Chili’s signature dishes and drinks don’t disappoint!

I remember a day when we had gone to Phoenix city mall for some work. My sister and I. Tired after our shopping expedition, we wandered into Chili’s. We were quite happy with our cocktails – the Presidente Margarita – which arrives at the table with a lot of drama. Both of us being fish lovers, we ordered the Vietnamese basa, which we were very happy with..

Fast forward a few years and I see that a new outlet of Chili’s has opened in Indiranagar. This is the first stand alone restaurant, the other two being part of a mall (Phoenix and Orion).

On a busy Sunday, after giving breakfast a miss (and to ensure we could eat a bit extra) – we head there for a meal on an invitation from the restaurant.

The delicious plate of starters


The delicious plate of starters

We settled for a plate of non-veg starters called Triple Dipper, which was quite substantial and comprised of chicken wings, friend chicken along with crunchy delicious cheese balls. The drinks on arrival looked rather gorgeous though a few sips later, we realised they didn’t have any spirit in them. We’d been served the non-alcoholic version – Minty Melon and Blue Pacific!

The Blue Pacific and the MInty Watermelon

The Blue Pacific and the Minty Melon

Our second round was the Presidente Margarita and the El Nino. I would definitely recommend the former. It comes in a small sized glass, but the cocktail shaker is kept beside you so you can keep pouring it till you’re done (and no, it’s not unlimited sadly). The other cocktails come in substantial large glasses – just make sure you don’t knock them over because they will create a mess! We also, tried the Long Island Iced tea, but I would avoid it since it didn’t have any zing to it. Also, the Pepsi added doesn’t really suit the recipe.

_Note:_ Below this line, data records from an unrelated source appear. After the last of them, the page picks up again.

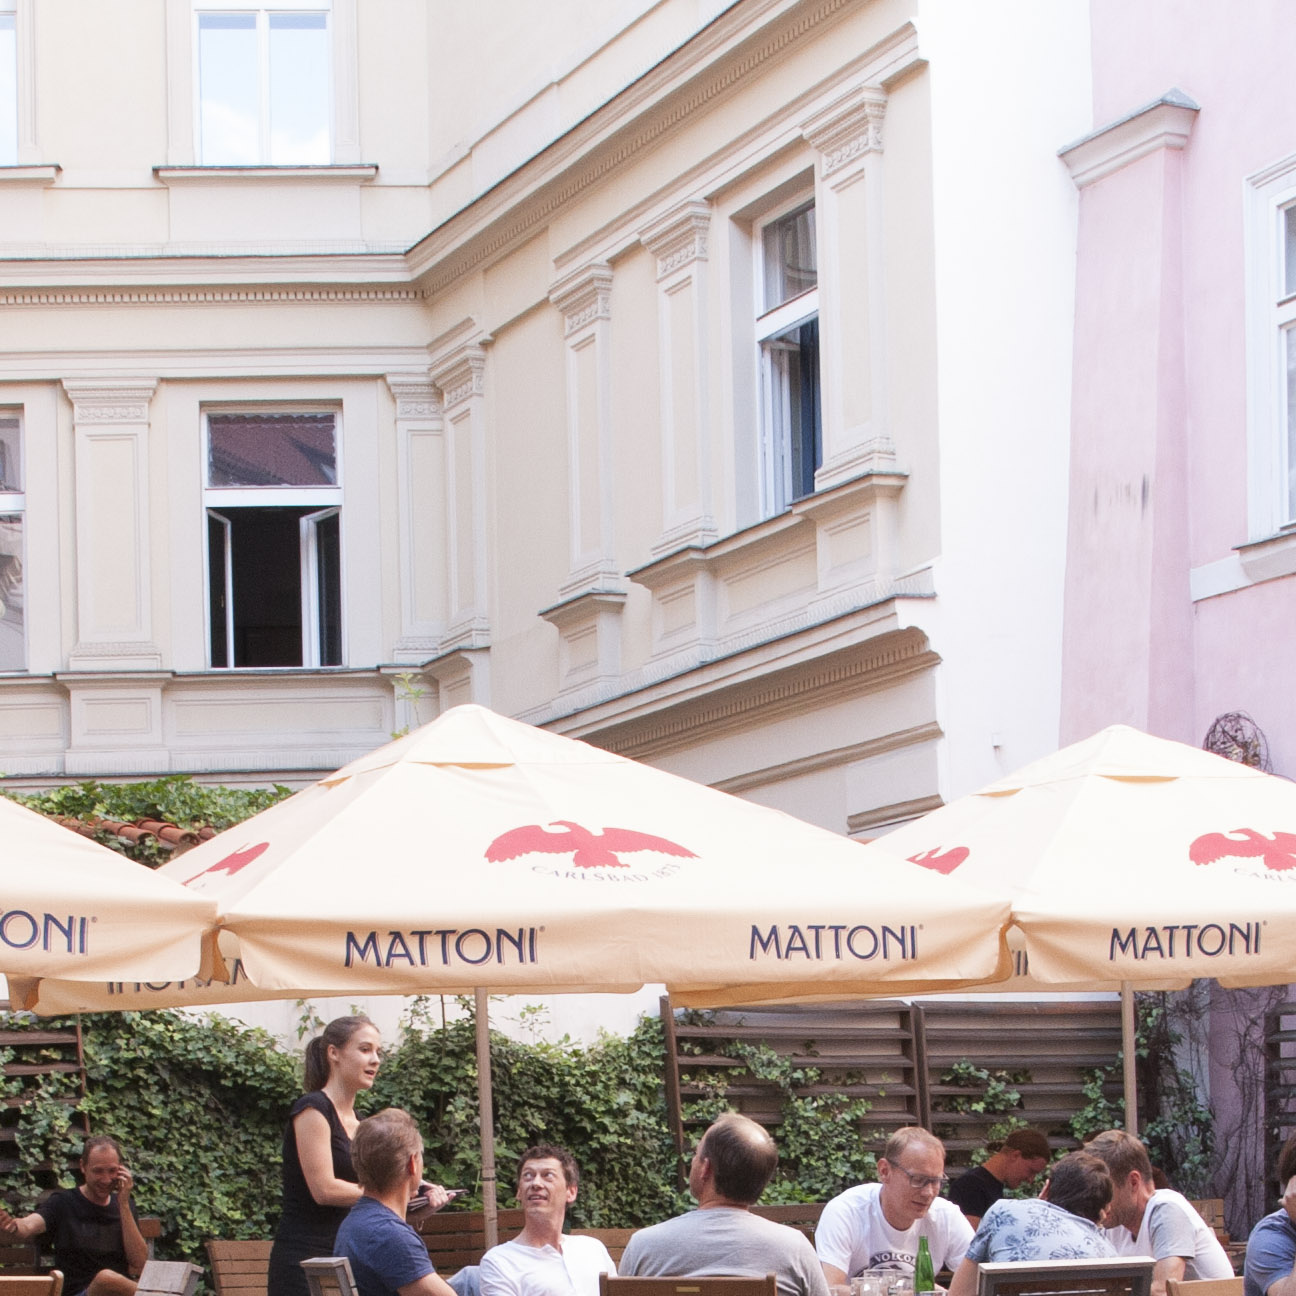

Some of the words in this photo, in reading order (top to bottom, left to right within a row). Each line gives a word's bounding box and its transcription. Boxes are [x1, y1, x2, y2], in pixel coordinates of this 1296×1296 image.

[344, 927, 539, 968] MATTONI
[749, 924, 918, 961] MATTONI
[1109, 921, 1262, 961] MATTONI
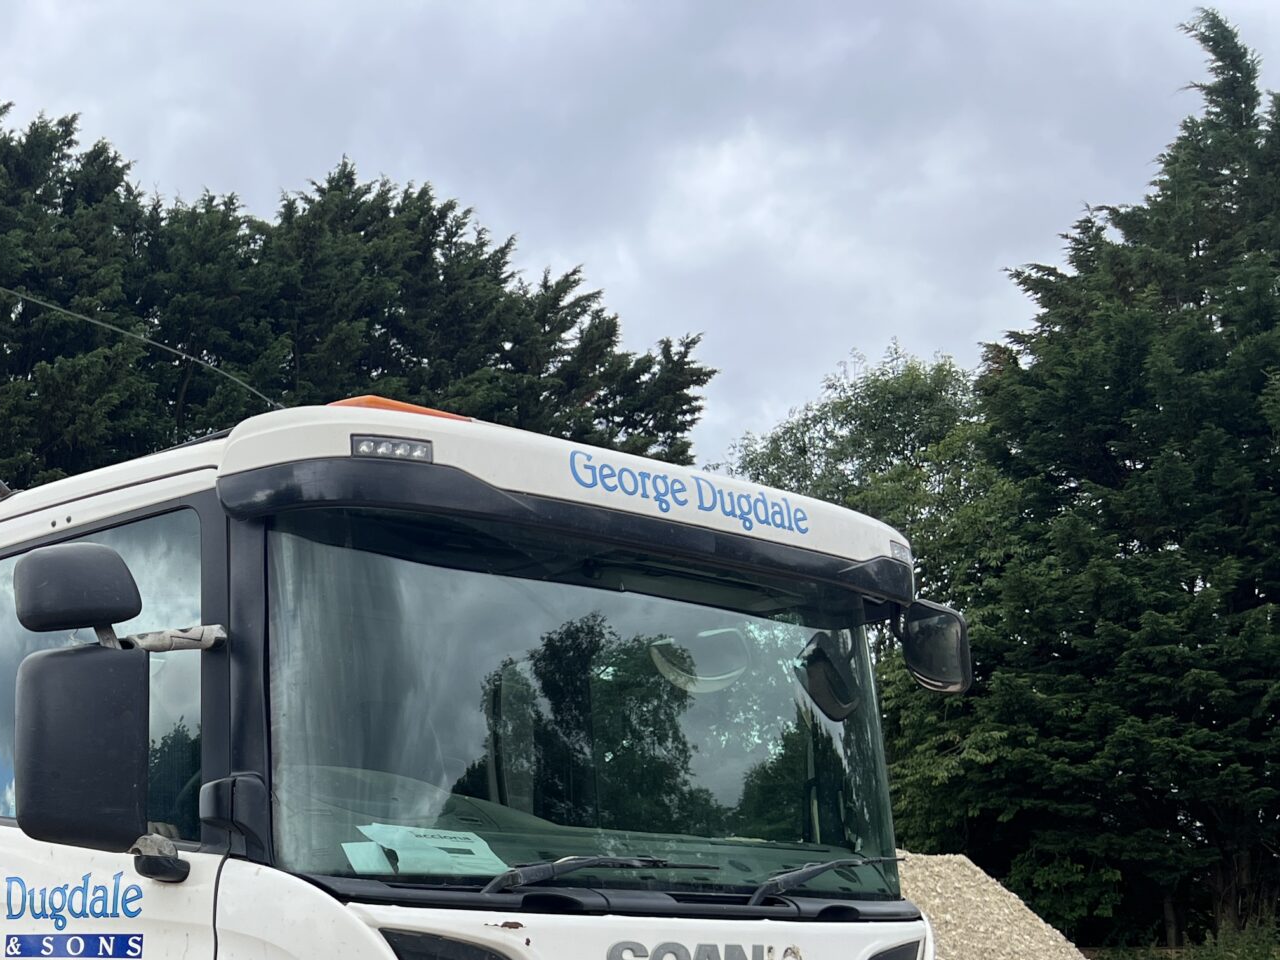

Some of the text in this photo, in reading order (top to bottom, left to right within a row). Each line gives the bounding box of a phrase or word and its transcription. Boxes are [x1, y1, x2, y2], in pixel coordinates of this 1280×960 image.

[569, 449, 809, 534] George Dugdale
[5, 871, 143, 931] Dugdale
[6, 936, 142, 956] & SONS
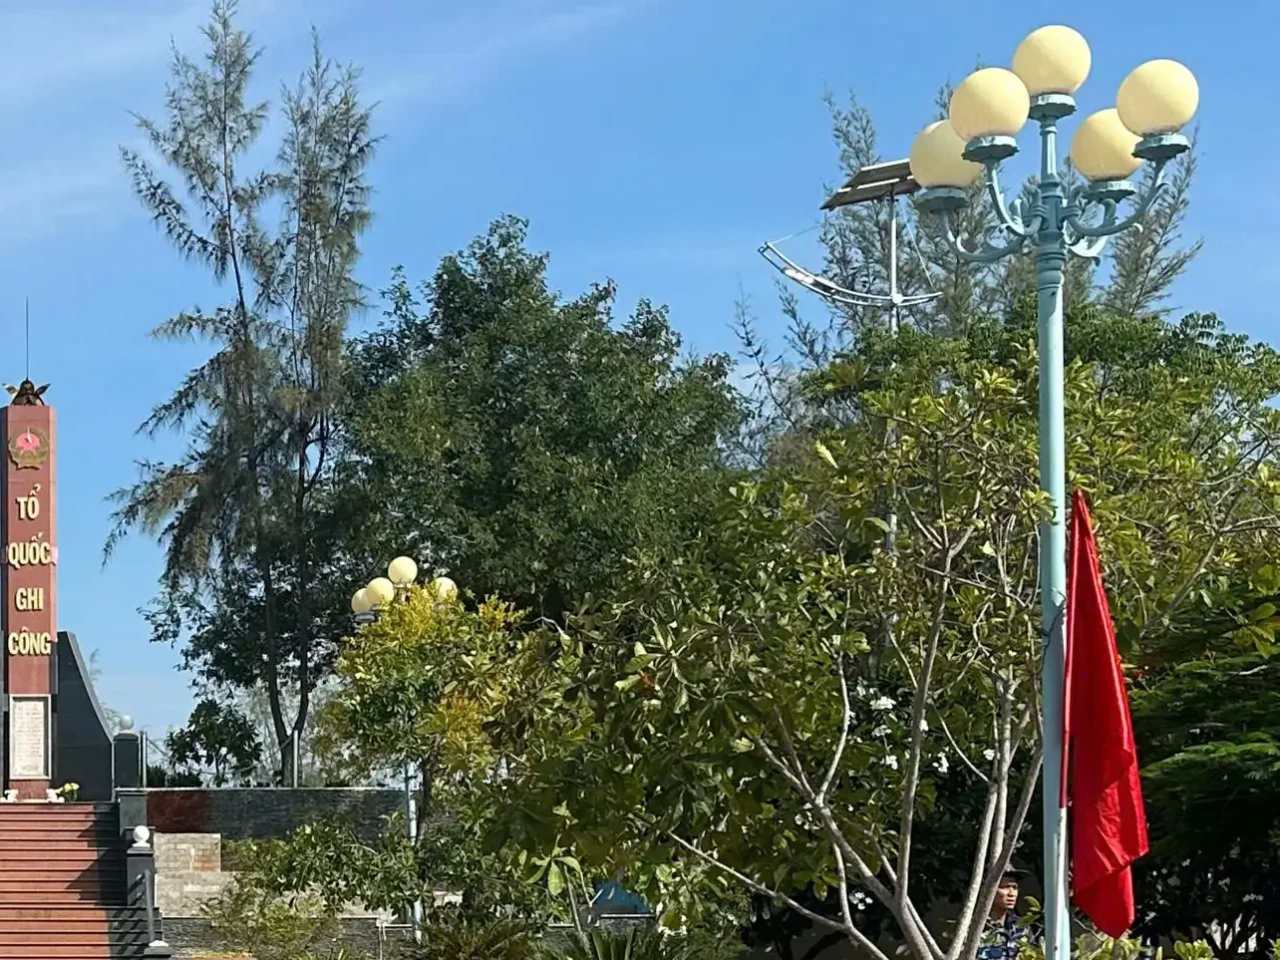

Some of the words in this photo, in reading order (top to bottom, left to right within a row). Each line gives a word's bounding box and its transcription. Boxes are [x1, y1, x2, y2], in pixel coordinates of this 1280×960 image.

[16, 483, 41, 519] TỔ
[8, 532, 51, 569] QUỐC
[15, 587, 44, 610] GHI
[8, 626, 52, 655] CÔNG
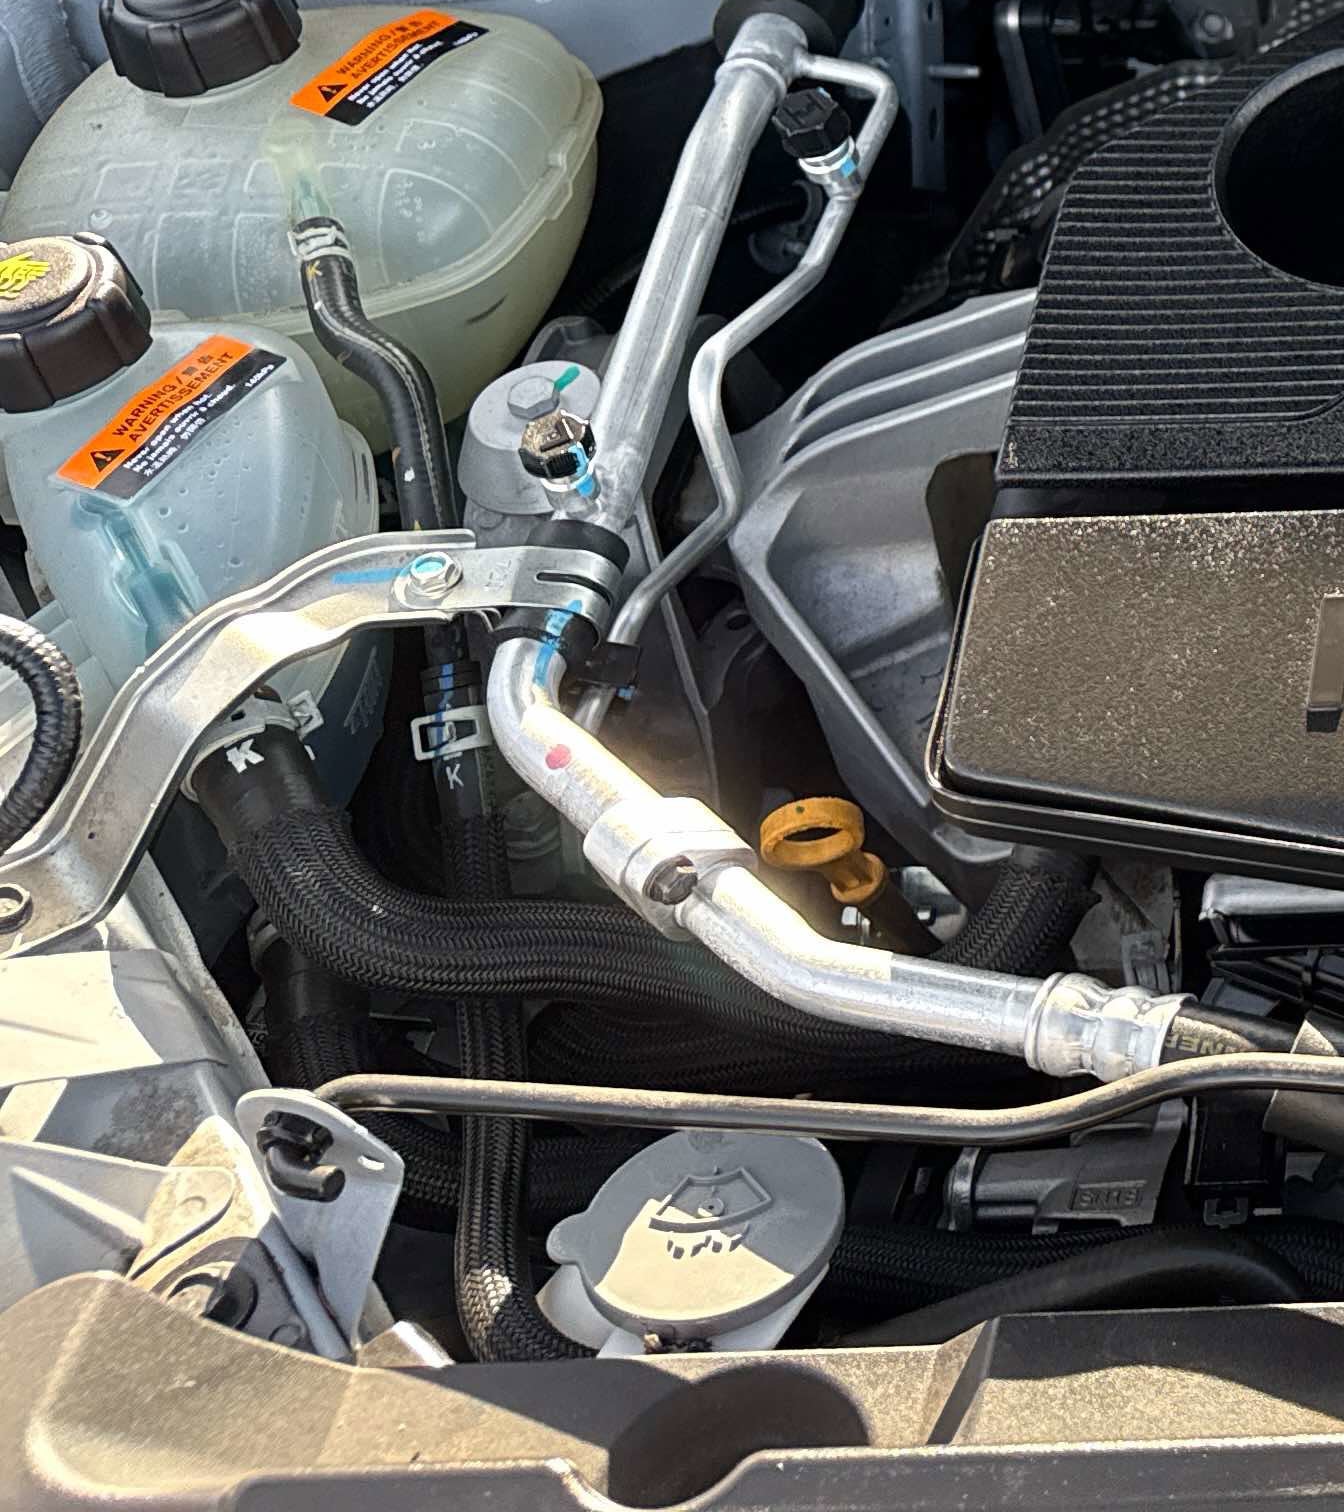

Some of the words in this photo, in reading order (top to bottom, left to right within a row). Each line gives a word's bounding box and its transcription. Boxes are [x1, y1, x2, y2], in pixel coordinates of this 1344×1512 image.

[336, 34, 392, 75] WARNING
[112, 384, 177, 436] WARNING
[129, 352, 233, 442] AVERTISSEMENT
[446, 763, 464, 790] K
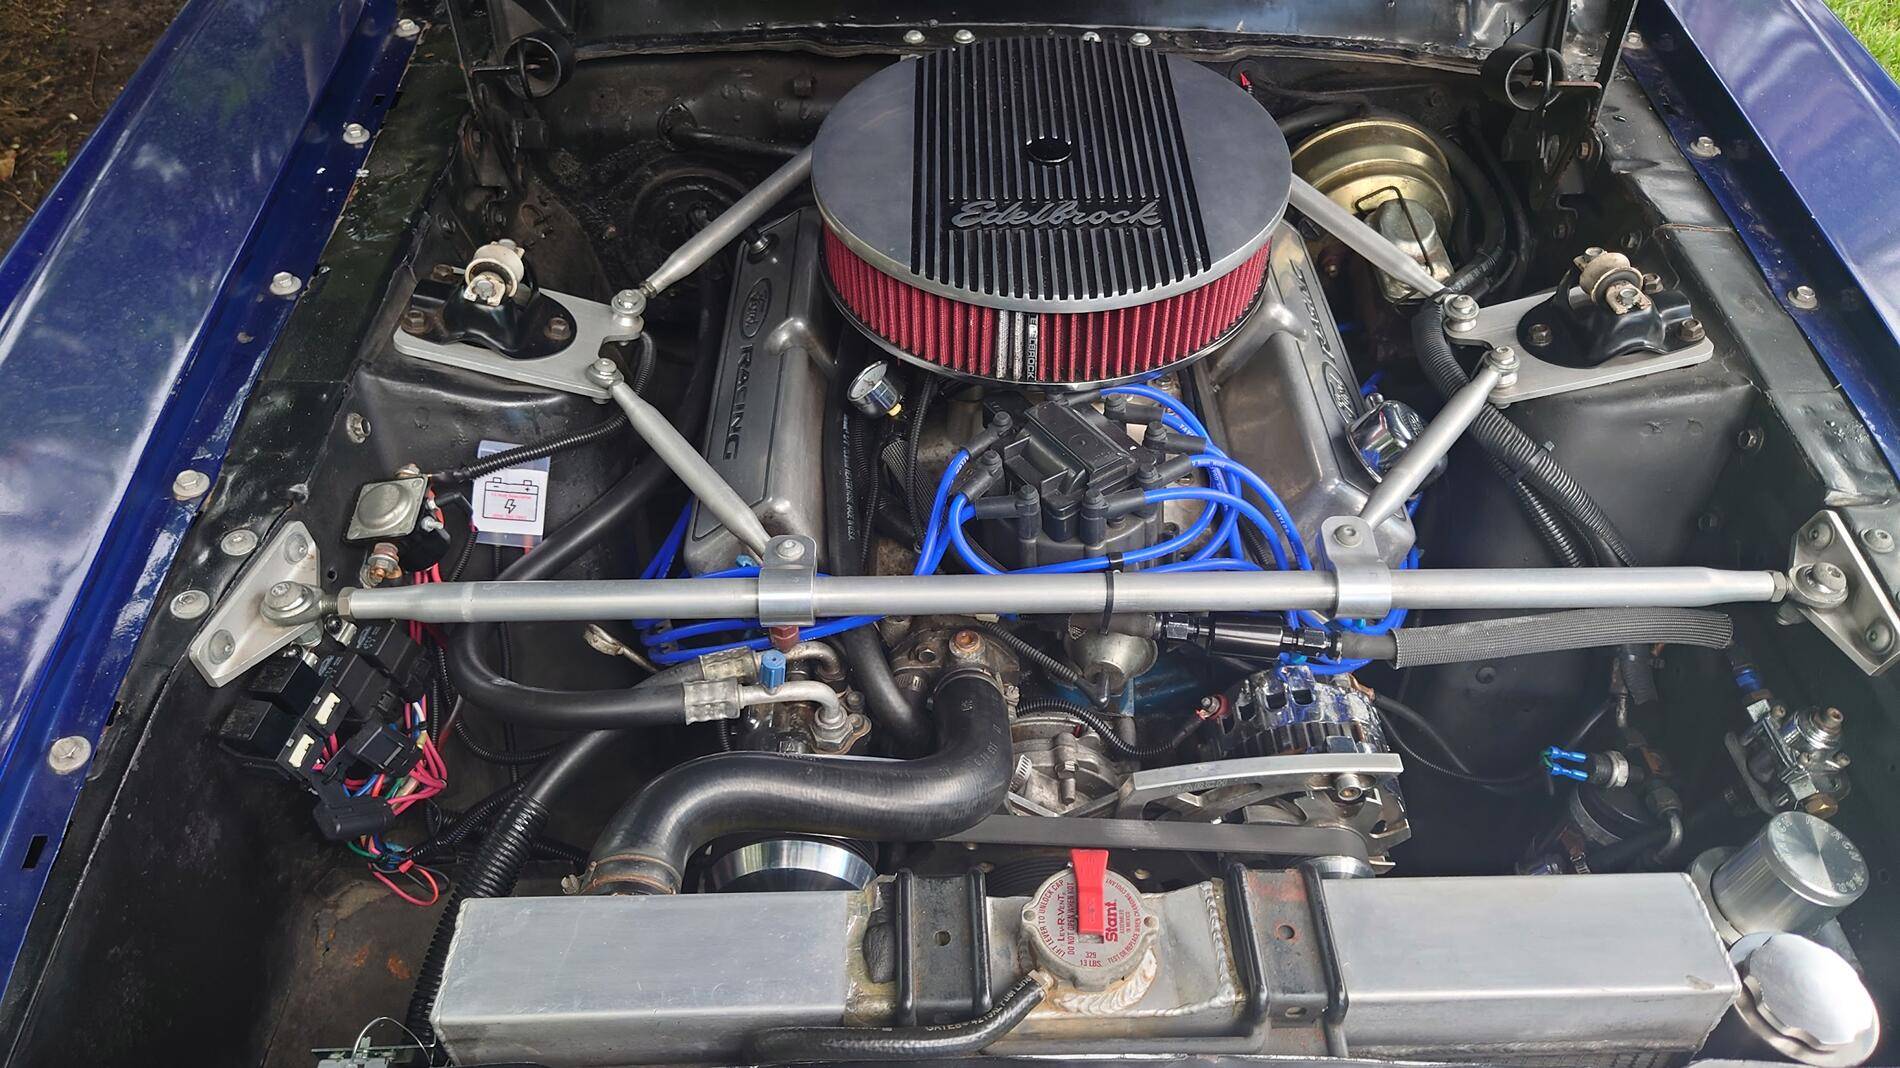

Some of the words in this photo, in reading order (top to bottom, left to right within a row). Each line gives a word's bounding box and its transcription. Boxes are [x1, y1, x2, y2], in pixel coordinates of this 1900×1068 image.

One of my favourites, the Presidente Margarita


One of my favourites, the Presidente Margarita

Anyway, after that plate of starters, we are ready for our mains.

Chili’s is known for their meat dishes and burgers – the baby back spare ribs and their steaks are good and the portions won’t leave you disappointed. Their grilled tenderloin steak is topped with garlic butter and served with mash, veggies and garlic toast. The manager tells us that they’re required to serve the same portions as the US counterparts.

The signature steak

The signature steak

The signature steak, available in medium and well done


Available in medium and well done

The baby back spare ribs are also another speciality of Chili's


The baby back spare ribs are also another speciality of Chili’s

Looking around the restaurant, it made sense why families tend to like the place. The portions keeps everyone happy. On a weekend it tends to get busy so be prepared for it to be rather noisy. They also stick to the main menu in all outlets, but have different specials and festivals depending on the season and the audience they’re catering to.

Since you’re in Chili’s, try out the Terlingua Chili – inspired by the name of the original chili cook off in Texas. They have both vegetarian and non-vegetarian versions. It’s their signature dish and worth a shot.

The dish that Chili's is named after - they have both the veg and non-veg versions


The dish that Chili’s is named after – they have both the veg and non-veg versions

We tried the prawn pasta, which I found a bit too “Indian” tasting, but apparently people like it because it’s flavoured with Indian spices. The dish is very large though and comes in a thick sauce with quite a lot of garnish and vegetables – I think even three people could have easily shared it.
Slightly spicy, but a large and wholesome dish if you want something filling!

Slightly spicy, but a large and wholesome dish if you want something filling!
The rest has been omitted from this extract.